== INFORMATION SUPPLIED
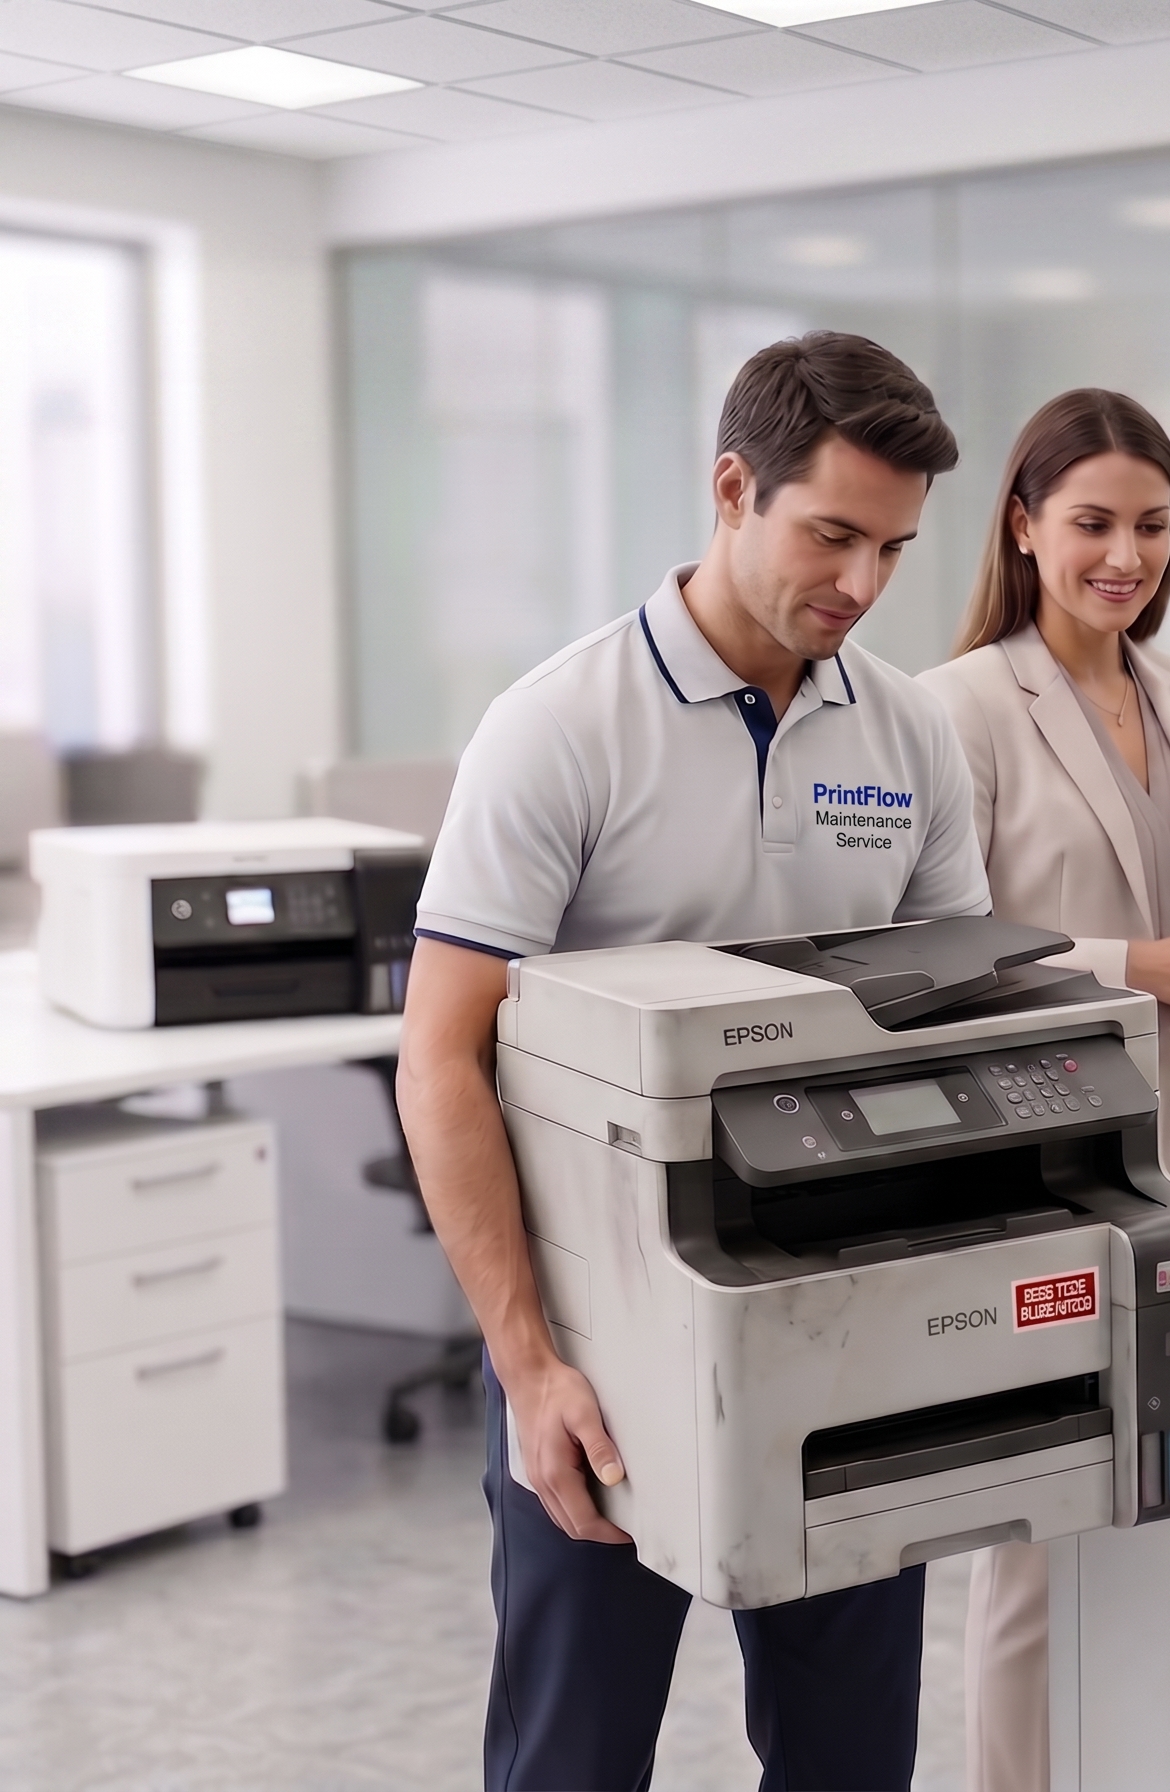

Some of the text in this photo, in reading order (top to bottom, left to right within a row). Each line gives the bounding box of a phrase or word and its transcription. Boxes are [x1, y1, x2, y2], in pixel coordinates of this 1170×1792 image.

[813, 783, 913, 808] PrintFlow
[815, 810, 912, 829] Maintenance
[836, 832, 892, 849] Service
[723, 1021, 793, 1046] EPSON
[927, 1306, 997, 1336] EPSON
====
**EXERCISE OBJECTIVE:**
The records above are to be repeated word for word, with the pictures omitted.

**SOLUTION TO THE PROBLEM:**
Some of the text in this photo, in reading order (top to bottom, left to right within a row). Each line gives the bounding box of a phrase or word and its transcription. Boxes are [x1, y1, x2, y2], in pixel coordinates of this 1170×1792 image.

[813, 783, 913, 808] PrintFlow
[815, 810, 912, 829] Maintenance
[836, 832, 892, 849] Service
[723, 1021, 793, 1046] EPSON
[927, 1306, 997, 1336] EPSON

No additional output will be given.